I'd like the records transcribed exactly, leaving the images out.

◆ Collected data entries ◆

• • • • •

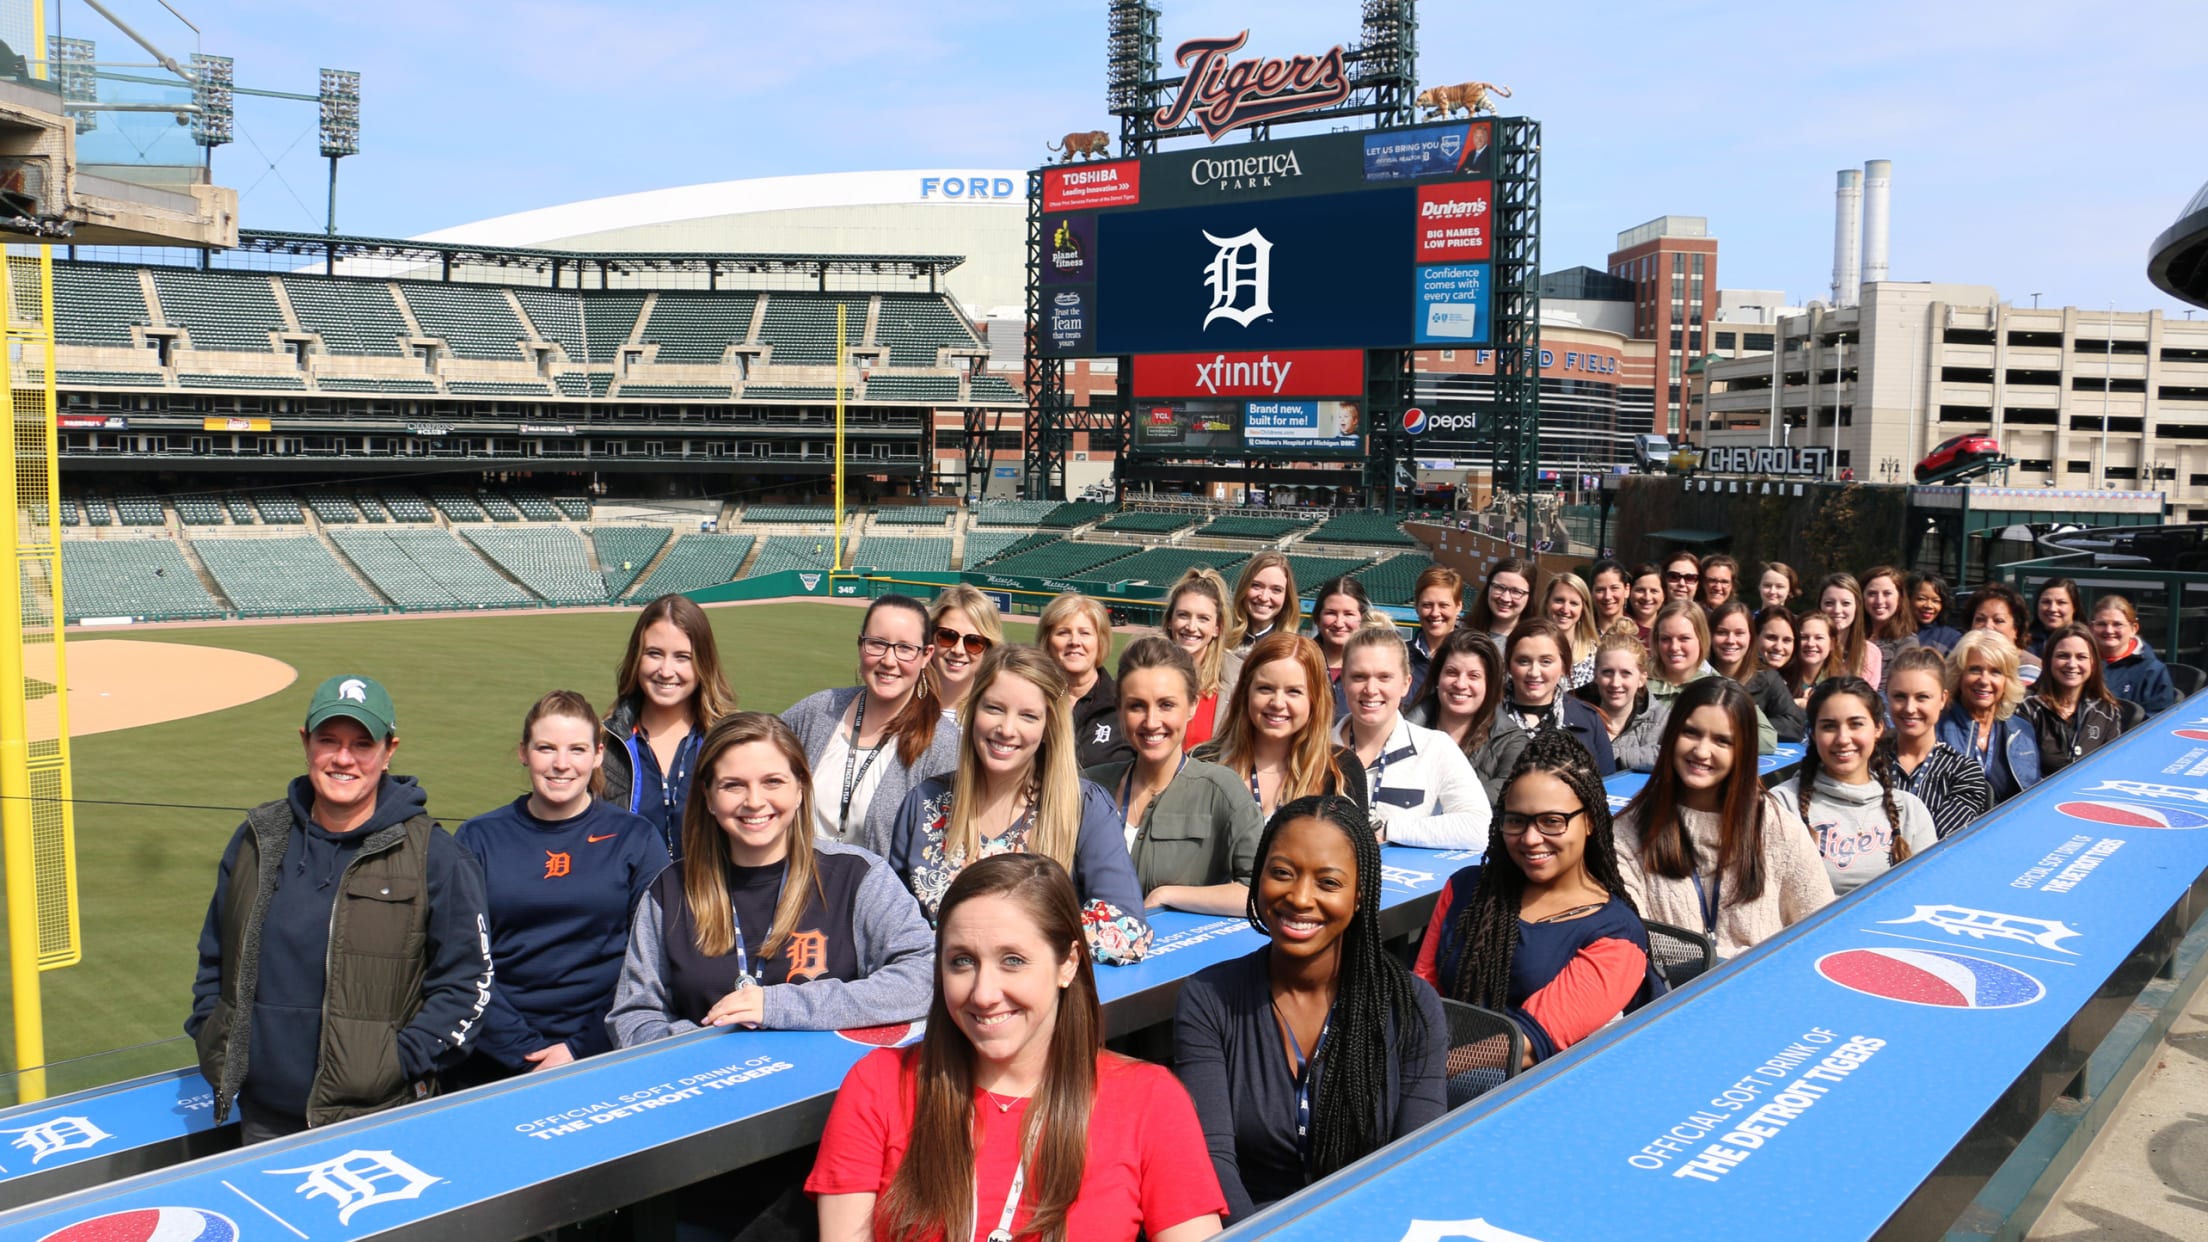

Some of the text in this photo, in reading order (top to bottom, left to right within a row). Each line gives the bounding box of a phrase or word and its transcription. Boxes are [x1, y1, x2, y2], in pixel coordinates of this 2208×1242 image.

[1154, 28, 1350, 143] Tigers
[1366, 147, 1380, 156] LET
[1382, 145, 1393, 154] US
[1395, 142, 1420, 153] BRING
[1422, 141, 1439, 151] YOU
[1062, 168, 1118, 186] TOSHIBA
[1220, 176, 1272, 190] PARK
[921, 177, 1014, 199] FORD
[1062, 184, 1118, 197] Leading Innovation
[1422, 198, 1487, 217] Dunham's
[1426, 228, 1480, 239] BIG NAMES
[1424, 237, 1483, 249] LOW PRICES
[1052, 251, 1078, 262] planet
[1056, 259, 1084, 268] fitness
[1424, 268, 1480, 279] Confidence
[1424, 278, 1480, 290] comes with
[1424, 292, 1450, 303] every
[1055, 307, 1080, 316] Trust the
[1052, 316, 1082, 331] Team
[1053, 331, 1082, 340] that treats
[1058, 340, 1075, 349] yours
[1565, 351, 1616, 375] FIELD
[1195, 354, 1292, 394] xfinity
[1154, 412, 1170, 420] TCL
[1249, 403, 1304, 415] Brand new,
[1249, 415, 1271, 426] built
[1273, 415, 1287, 426] for
[1288, 415, 1308, 426] me!
[1428, 412, 1476, 431] pepsi
[1283, 440, 1306, 448] Hospital
[1313, 440, 1340, 448] Michigan
[1708, 448, 1827, 475] CHEVROLET
[1684, 480, 1803, 497] FOUNTAIN
[543, 850, 571, 880] D
[1156, 931, 1192, 943] SOFT
[1189, 921, 1231, 933] DRINK
[1148, 933, 1216, 956] DETROIT
[786, 928, 829, 983] D
[451, 912, 495, 1046] carhartt
[515, 1055, 773, 1133] OFFICIAL SOFT DRINK OF
[528, 1061, 794, 1140] THE DETROIT TIGERS
[1627, 1026, 1838, 1170] OFFICIAL SOFT DRINK OF
[1672, 1035, 1887, 1182] THE DETROIT TIGERS

• • • • •

◆ ANSWER AREA ◆
Some of the text in this photo, in reading order (top to bottom, left to right within a row). Each line gives the bounding box of a phrase or word and its transcription. Boxes are [x1, y1, x2, y2], in pixel coordinates of this 2208×1242 image.

[1154, 28, 1350, 143] Tigers
[1366, 147, 1380, 156] LET
[1382, 145, 1393, 154] US
[1395, 142, 1420, 153] BRING
[1422, 141, 1439, 151] YOU
[1062, 168, 1118, 186] TOSHIBA
[1220, 176, 1272, 190] PARK
[921, 177, 1014, 199] FORD
[1062, 184, 1118, 197] Leading Innovation
[1422, 198, 1487, 217] Dunham's
[1426, 228, 1480, 239] BIG NAMES
[1424, 237, 1483, 249] LOW PRICES
[1052, 251, 1078, 262] planet
[1056, 259, 1084, 268] fitness
[1424, 268, 1480, 279] Confidence
[1424, 278, 1480, 290] comes with
[1424, 292, 1450, 303] every
[1055, 307, 1080, 316] Trust the
[1052, 316, 1082, 331] Team
[1053, 331, 1082, 340] that treats
[1058, 340, 1075, 349] yours
[1565, 351, 1616, 375] FIELD
[1195, 354, 1292, 394] xfinity
[1154, 412, 1170, 420] TCL
[1249, 403, 1304, 415] Brand new,
[1249, 415, 1271, 426] built
[1273, 415, 1287, 426] for
[1288, 415, 1308, 426] me!
[1428, 412, 1476, 431] pepsi
[1283, 440, 1306, 448] Hospital
[1313, 440, 1340, 448] Michigan
[1708, 448, 1827, 475] CHEVROLET
[1684, 480, 1803, 497] FOUNTAIN
[543, 850, 571, 880] D
[1156, 931, 1192, 943] SOFT
[1189, 921, 1231, 933] DRINK
[1148, 933, 1216, 956] DETROIT
[786, 928, 829, 983] D
[451, 912, 495, 1046] carhartt
[515, 1055, 773, 1133] OFFICIAL SOFT DRINK OF
[528, 1061, 794, 1140] THE DETROIT TIGERS
[1627, 1026, 1838, 1170] OFFICIAL SOFT DRINK OF
[1672, 1035, 1887, 1182] THE DETROIT TIGERS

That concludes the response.